◆ **Task item**: Restate, word for word, each entry that follows, but skip its pictures.

⟨

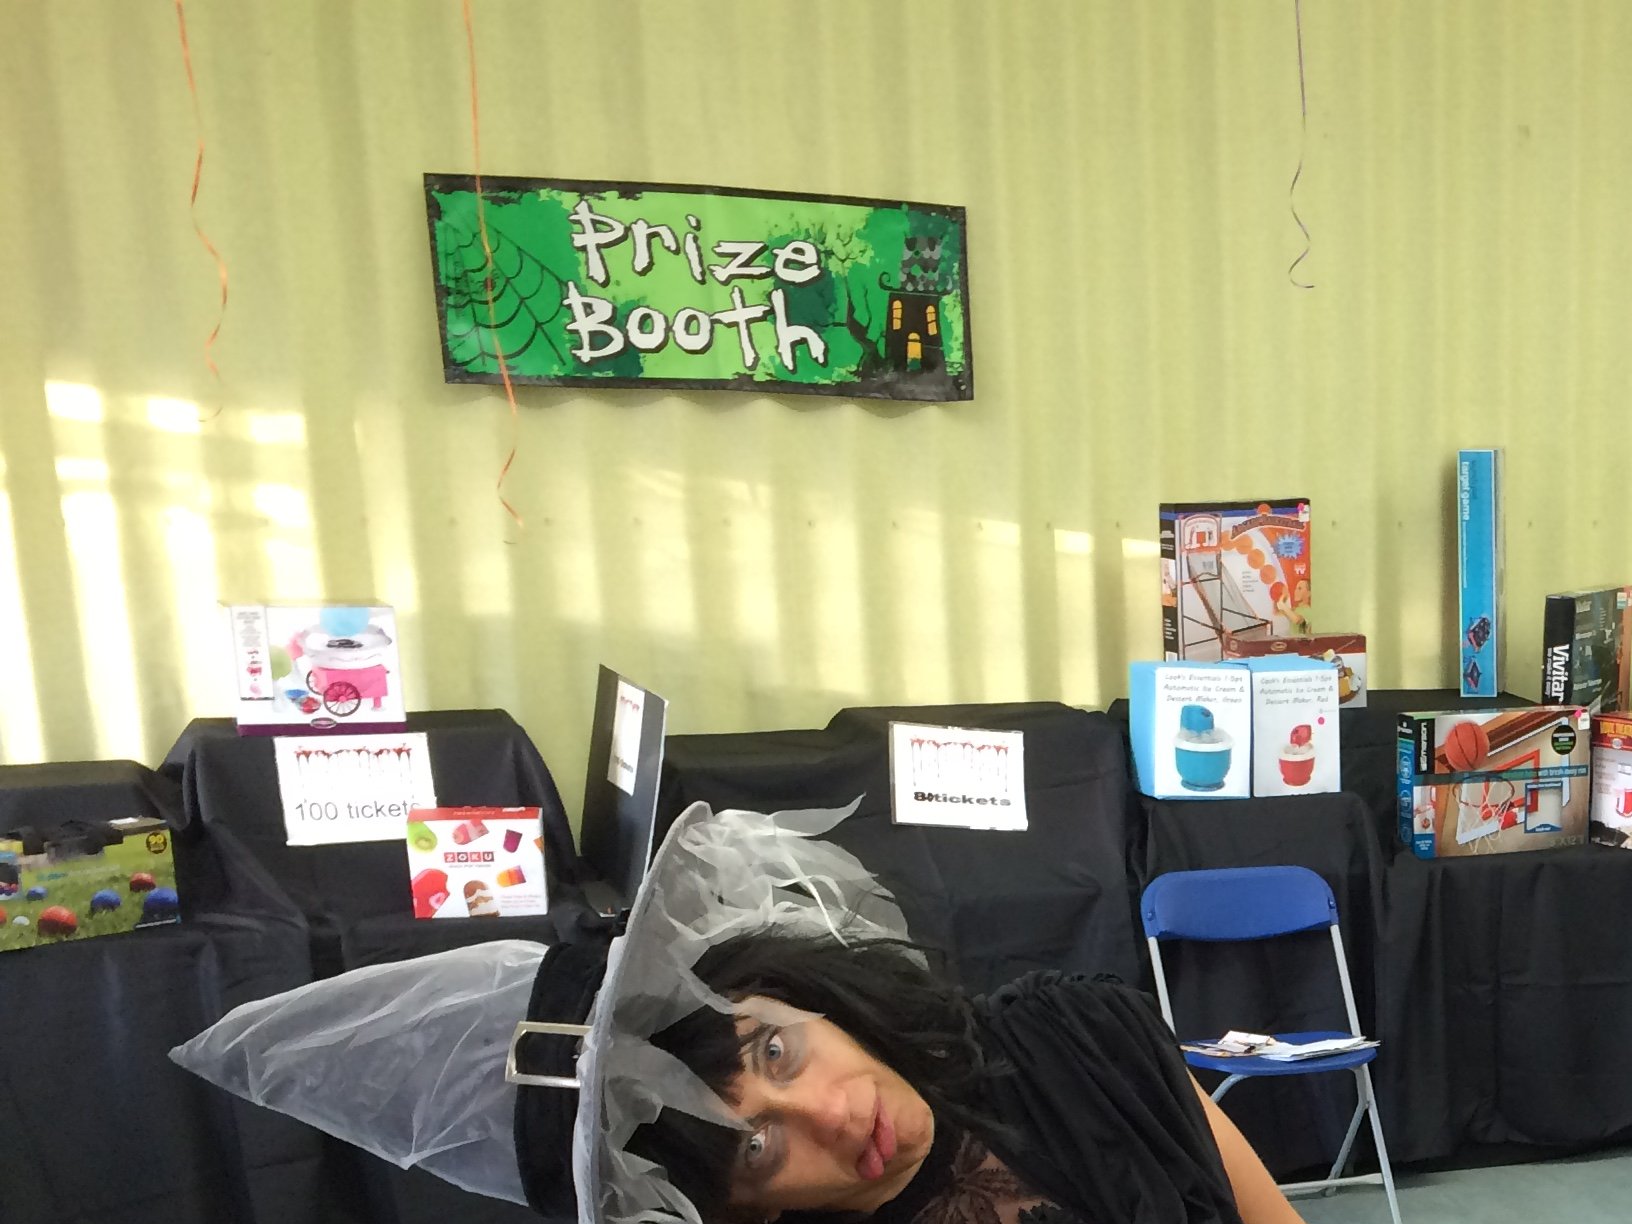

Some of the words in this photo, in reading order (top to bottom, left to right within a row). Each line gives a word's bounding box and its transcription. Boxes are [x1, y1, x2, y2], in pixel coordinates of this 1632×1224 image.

[567, 199, 821, 285] Prize
[563, 281, 827, 370] Booth
[1460, 491, 1470, 520] game
[1551, 643, 1570, 704] Vivitar
[295, 801, 340, 821] 100
[934, 792, 1011, 806] tickets
[444, 851, 494, 863] ZOKU

⟩

◆ **Result of the exercise**:
Some of the words in this photo, in reading order (top to bottom, left to right within a row). Each line gives a word's bounding box and its transcription. Boxes are [x1, y1, x2, y2], in pixel coordinates of this 1632×1224 image.

[567, 199, 821, 285] Prize
[563, 281, 827, 370] Booth
[1460, 491, 1470, 520] game
[1551, 643, 1570, 704] Vivitar
[295, 801, 340, 821] 100
[934, 792, 1011, 806] tickets
[444, 851, 494, 863] ZOKU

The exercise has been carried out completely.